From the Worldwide Faith News archives www.wfn.org
Rwandan United Methodists aim at reconciliation
Fri, 15 Jun 2001 16:10:10 -0500
June 15, 2001 News media contact: Linda Bloom·(212) 870-3803·New York, NY
NEW YORK (UMNS) - Compared to the horror of the 1994 massacres, life in
Rwanda is quiet today, says a United Methodist pastor.
Reconciliation efforts between the Hutus and Tutsis are a prime concern of
the church there, according to the Rev. Kaberuka Jupa, superintendent of the
Rwanda District, a part of the United Methodist East Africa Annual
Conference. He spoke about the Rwandan church during a June 14 discussion at
the United Methodist Board of Global Ministries.

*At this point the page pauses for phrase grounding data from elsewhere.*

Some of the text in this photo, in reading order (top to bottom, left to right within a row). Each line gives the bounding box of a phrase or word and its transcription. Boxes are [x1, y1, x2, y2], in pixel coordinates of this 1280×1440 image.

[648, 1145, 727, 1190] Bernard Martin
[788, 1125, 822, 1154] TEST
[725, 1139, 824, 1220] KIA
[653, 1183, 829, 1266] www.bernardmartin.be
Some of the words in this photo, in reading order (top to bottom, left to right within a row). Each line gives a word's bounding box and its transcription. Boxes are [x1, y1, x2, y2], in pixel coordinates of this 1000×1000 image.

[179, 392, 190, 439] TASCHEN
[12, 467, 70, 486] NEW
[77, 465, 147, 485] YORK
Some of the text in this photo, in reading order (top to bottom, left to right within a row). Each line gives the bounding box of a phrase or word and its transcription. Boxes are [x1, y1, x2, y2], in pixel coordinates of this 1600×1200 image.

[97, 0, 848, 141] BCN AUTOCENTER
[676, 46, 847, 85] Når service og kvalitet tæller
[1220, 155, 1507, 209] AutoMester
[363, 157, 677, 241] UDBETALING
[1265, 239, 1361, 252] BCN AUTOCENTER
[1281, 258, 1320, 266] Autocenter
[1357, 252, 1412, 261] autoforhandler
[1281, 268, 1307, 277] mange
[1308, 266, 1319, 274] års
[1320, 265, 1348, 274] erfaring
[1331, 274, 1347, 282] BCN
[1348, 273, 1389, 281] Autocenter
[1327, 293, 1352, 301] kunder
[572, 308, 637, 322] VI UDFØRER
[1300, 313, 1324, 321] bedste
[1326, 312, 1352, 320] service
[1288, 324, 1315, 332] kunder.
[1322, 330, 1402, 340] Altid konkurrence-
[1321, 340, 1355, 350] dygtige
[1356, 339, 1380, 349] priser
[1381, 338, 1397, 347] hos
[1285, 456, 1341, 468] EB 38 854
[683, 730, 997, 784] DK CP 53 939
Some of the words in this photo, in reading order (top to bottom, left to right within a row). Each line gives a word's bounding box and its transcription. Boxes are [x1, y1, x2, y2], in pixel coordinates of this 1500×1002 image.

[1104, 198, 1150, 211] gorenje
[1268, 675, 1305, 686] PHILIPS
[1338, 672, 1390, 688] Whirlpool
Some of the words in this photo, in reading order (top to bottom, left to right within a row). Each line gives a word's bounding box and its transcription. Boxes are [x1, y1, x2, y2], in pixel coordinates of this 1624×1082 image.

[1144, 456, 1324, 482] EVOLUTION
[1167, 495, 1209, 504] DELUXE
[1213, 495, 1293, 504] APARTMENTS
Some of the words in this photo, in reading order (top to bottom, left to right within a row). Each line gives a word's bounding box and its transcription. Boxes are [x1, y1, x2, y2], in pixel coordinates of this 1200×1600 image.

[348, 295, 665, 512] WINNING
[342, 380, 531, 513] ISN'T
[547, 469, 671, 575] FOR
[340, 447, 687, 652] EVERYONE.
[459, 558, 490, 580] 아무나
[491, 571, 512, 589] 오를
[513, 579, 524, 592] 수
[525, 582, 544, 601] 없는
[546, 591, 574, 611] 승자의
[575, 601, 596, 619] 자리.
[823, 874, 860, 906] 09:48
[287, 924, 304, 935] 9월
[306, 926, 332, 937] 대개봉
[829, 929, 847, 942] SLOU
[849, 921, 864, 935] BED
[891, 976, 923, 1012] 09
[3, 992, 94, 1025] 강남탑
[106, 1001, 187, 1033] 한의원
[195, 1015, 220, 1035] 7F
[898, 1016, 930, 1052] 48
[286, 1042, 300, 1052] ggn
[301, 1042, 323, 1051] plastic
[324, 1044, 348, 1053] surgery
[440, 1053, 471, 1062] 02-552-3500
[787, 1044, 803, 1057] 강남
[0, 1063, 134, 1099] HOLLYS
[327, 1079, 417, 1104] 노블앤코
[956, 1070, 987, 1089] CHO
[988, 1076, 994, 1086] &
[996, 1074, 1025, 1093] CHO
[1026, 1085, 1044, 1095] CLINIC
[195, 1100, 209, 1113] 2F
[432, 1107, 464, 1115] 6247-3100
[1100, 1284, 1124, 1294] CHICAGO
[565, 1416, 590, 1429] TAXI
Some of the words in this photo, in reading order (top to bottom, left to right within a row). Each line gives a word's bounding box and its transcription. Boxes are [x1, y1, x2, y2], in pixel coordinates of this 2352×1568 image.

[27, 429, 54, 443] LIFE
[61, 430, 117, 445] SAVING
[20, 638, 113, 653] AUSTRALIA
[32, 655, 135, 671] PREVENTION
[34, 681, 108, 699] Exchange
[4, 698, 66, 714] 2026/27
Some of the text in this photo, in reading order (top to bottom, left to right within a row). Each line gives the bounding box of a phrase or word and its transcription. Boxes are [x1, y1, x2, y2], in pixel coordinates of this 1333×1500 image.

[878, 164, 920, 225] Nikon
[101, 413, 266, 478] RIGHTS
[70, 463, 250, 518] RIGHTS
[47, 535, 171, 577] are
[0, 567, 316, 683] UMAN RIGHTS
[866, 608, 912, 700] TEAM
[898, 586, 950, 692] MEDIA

Any tensions these days are political, manufactured by those who want "to
maintain their seats or their presence in the government," he said. Poverty
makes young people, in particular, susceptible to others who use them to
stir up trouble, he added.
But the Rwandan government is trying to help youth and to assist the church
in its own efforts, Jupa said. The government has given unoccupied buildings
to the church for renovation into schools. So far, the church has opened
three schools and two health clinics.
Born in the refugee camps in Zaire - where people had fled following the
genocide in which 800,000 died - the United Methodist Church survived the
transplant back to Rwanda and has officially recorded 48,000 members.
Located in three different regions, the church has 32 full-time pastors, 10
probationary pastors and 66 local pastors.
Jupa said they are being asked by local authorities to open more schools,
but he explained that the resources currently do not exist to allow
additional projects. The various places of worship also serve as centers
where people can learn to read and write.
The situation of street children and orphans remains a concern in Rwanda.
While the government has encouraged people to take such children into their
homes, Jupa explained, it couldn't offer financial assistance as an
incentive. The government does provide for scholarships and other needs for
students enrolled in school, he added.
The pastor stressed the importance of letting young people know the history
of Rwanda's conflict and allowing adults to come together in reconciliation.
Part of the job of the church, he said, is "to help these people to treat
the wounds in their hearts."
The Board of Global Ministries is in the final stages of completing a
comprehensive mission plan for the East Africa Annual Conference, which also
includes Burundi, Kenya, Sudan and Uganda. The Rev. Clyde Anderson, a board
executive, said its work with Rwanda would continue under that plan.